The samples’ factor score distribution were analyzed with regards to normality and homoscedasticity which could not be asserted for every case and which is why non-parametric statistic methods have been applied. A Kruskal–Wallis test on ranks proposes significant differences among the samples within all acoustic dimensions (H > 9500, p < 0.01). Subsequently, pairwise Dunn’s posthoc tests with Bonferroni adjustment were performed comparing all 19 samples with each other for each dimension. The result whether each comparison pair differs significantly can be found in Figure 4. It is noteworthy that the majority of these comparisons exhibit strong significant differences with p < 0.01 (**, red tiles). This result might be influenced by the relatively large number of observations (30 s × 20 observations/s) and should at this point only describe the difference from a statistical point of view. An exemplary comparison of those soundscape excerpts that are specifically quiet in loudness, namely the library (ID: 1), park (ID: 9) and woodland (ID: 14) scenarios, shows similar and different properties with respect to their acoustic dimensions.
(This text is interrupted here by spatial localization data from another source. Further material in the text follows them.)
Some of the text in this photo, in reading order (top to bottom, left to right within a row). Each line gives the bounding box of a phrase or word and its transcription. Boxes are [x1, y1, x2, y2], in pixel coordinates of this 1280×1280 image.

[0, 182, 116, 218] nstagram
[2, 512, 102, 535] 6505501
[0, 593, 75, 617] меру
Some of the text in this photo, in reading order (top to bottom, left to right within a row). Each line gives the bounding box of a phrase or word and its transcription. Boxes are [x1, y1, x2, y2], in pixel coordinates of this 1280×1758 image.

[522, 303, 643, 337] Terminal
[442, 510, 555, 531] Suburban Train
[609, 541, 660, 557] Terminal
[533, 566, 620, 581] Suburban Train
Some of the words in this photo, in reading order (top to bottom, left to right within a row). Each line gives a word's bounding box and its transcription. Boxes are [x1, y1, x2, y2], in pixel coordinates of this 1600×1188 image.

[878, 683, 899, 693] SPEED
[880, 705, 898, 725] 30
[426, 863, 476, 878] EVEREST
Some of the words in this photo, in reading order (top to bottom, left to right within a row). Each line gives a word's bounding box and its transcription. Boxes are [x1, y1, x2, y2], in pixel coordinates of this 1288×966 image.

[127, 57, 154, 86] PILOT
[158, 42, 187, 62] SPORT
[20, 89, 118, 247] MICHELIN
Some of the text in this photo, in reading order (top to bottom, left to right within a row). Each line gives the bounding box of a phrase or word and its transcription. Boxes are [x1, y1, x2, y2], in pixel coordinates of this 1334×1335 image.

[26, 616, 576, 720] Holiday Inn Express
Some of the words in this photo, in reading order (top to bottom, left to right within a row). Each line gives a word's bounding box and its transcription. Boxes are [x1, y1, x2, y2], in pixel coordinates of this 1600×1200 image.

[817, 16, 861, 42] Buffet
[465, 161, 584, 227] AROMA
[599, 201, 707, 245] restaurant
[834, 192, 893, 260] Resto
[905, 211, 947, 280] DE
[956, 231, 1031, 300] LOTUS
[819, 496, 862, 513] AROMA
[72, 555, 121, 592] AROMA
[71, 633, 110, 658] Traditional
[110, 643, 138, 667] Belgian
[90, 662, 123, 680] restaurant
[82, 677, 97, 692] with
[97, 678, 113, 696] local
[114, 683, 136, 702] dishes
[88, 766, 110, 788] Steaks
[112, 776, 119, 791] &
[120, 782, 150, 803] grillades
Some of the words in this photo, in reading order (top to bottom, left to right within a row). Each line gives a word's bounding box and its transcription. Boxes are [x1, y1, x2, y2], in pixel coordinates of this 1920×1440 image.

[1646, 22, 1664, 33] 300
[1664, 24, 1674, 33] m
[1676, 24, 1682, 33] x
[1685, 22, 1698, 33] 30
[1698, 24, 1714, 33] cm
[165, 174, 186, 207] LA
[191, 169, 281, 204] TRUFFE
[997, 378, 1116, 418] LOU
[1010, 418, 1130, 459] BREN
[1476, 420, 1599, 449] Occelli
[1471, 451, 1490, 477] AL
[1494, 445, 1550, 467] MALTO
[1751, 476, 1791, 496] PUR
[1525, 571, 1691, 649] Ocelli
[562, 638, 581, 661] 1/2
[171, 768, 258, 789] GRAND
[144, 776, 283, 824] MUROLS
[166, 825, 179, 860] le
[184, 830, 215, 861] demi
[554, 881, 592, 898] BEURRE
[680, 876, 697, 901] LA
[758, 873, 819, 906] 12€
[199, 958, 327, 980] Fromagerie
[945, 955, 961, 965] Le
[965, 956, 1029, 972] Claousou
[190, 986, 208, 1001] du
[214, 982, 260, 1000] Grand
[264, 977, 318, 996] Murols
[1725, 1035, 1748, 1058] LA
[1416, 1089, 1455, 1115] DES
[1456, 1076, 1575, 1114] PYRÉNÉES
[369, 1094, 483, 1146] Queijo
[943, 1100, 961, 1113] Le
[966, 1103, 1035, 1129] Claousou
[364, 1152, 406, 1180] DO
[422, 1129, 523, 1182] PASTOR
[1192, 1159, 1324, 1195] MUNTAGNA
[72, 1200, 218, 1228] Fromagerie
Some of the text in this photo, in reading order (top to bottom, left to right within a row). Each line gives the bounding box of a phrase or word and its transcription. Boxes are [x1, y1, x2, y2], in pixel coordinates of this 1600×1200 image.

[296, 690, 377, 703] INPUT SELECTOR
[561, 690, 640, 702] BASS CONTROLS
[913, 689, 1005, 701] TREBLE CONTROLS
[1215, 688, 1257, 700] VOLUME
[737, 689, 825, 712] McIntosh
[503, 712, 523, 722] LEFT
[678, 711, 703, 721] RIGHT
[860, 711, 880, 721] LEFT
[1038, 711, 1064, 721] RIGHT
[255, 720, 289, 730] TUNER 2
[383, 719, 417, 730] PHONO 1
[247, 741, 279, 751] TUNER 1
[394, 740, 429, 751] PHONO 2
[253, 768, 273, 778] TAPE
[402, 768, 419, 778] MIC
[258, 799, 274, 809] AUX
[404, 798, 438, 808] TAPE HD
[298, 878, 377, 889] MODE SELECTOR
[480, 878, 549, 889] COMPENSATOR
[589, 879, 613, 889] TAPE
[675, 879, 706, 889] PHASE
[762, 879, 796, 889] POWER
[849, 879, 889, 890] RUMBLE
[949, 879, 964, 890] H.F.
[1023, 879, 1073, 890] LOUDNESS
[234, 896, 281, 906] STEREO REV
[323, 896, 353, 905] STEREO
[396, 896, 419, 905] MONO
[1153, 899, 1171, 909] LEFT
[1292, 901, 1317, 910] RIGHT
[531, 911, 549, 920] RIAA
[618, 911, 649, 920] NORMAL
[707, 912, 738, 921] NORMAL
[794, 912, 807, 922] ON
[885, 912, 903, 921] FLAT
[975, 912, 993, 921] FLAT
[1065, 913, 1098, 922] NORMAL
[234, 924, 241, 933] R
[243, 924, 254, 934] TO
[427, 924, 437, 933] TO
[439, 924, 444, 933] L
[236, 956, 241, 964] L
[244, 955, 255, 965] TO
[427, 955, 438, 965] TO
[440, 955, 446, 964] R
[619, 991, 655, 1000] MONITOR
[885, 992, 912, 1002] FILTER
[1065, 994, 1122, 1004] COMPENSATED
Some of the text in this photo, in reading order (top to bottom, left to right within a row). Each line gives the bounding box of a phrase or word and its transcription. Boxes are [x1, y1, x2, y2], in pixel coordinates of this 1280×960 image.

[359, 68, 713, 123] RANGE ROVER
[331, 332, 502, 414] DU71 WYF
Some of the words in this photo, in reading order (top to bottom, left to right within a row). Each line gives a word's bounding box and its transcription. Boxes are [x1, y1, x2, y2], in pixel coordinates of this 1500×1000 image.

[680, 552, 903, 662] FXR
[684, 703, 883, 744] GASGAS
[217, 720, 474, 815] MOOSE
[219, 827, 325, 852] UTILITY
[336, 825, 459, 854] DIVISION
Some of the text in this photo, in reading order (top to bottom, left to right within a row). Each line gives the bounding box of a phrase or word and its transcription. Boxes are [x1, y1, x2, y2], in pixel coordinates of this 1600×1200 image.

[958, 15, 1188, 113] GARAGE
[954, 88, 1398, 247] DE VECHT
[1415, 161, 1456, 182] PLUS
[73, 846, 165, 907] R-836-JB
The distributions of the dimension Loudness are relatively low (cf. Fig. 3, top left) and the differences between the soundscape excerpts are not significant (cf. Fig. 4, top left). The other acoustic dimensions of these excerpts show similar but still significantly different distributions. This underlines the expected discriminating characteristics of the observed soundscapes: even though the loudness dimension seems to be similar, other dimensions show significant differences.
![]() |
Figure 4 Statistical differences between sample soundscapes. Red: strong significance (p < 0.01), blue: moderate significance (p < 0.05), gray: no significance (p > 0.05). |
7 Discussion
With the presented application of multivariate methods on a wide range of acoustic indicators of soundscape recordings, it is possible to extract statistically independent factors to serve as underlying acoustic dimensions. It could also be shown that an interpretation of these factors based on the indicator composition was feasible in terms of finding appropriate semantic descriptors. These descriptors can generally be assigned to the a-priori categories loudness, quality, spatiousness and time and thus confirm the assumption that acoustic environments can be described with these terms. The fact that each of these categories is represented by more than one factor (e.g. loudness: factor 1 and 4; quality/timbre: factor 2 and 5; time/modulation: factor 6 and 8) can be interpreted such that the selection of indicators is crucial when physical characteristics of acoustic environment shall be described. With other words, if different acoustic indicators are chosen for the multivariate analysis, different factor compositions may be observed. In order to validate the deduced underlying acoustic dimensions, discriminative investigations must be rolled out in future. These include both the statistical differentiation of specific soundscape recordings as well as perceptual evaluation if these dimensions are also taken into account when human subjects characterize acoustic environments. Therefore, this paper should serve as an invitation to evaluate and refine the proposed acoustic dimensions.
8 Conclusion
The presented paper discusses the need of suitable acoustic descriptors for characterizing the physical properties of soundscapes. For that, an approach was pursued that is comparable to the identification of semantic dimensions of perceptual assessment, namely the application of multivariate statistic methods to reveal underlying constructs of observable variables. In this work these methods were adapted to acoustic signal indicators. In total 903,735 short-term observations of 326 indicators within 109 recordings of soundscapes were fed into factor analysis (FA) and relevant factors were deduced. With this set of eight underlying dimensions 49% of the overall observed variance could be explained and interpretable semantic descriptors could be found. The presented approach allows the description of acoustic environment in an efficient and comprehensive way. Various areas of application may benefit from this descriptive set of acoustic dimensions, e.g. computer-based applications such as acoustic scene analysis and classification or perception-based applications such as soundscape quality estimation or annoyance modelling. Furthermore, if this approach receives confirmation, it can contribute to be used as a comparative benchmark method for soundscape description and analysis. The derived results are limited by certain implications and conditions. First, the initial choice of indicators may influence the statistic outcome especially within the amount of explained variance. Second, a perceptional validation by means of appropriate listening tests is still pending. Appropriate listening tests are currently conducted and results will be published in the near future. Third, the influence of signal analysis parametrization, including time and frequency resolution, Ambisonics decoding scheme, and binaural convolution, needs to be quantified, especially when merging statistical and perceptual results.
Supplementary material
Supplementary material A: Indicator descriptions. Access here
Supplementary material B: Distribution of factor scores amongst the soundscape recordings for each relevant factor. Access here
Conflict of interest
The authors declare no conflict of interest.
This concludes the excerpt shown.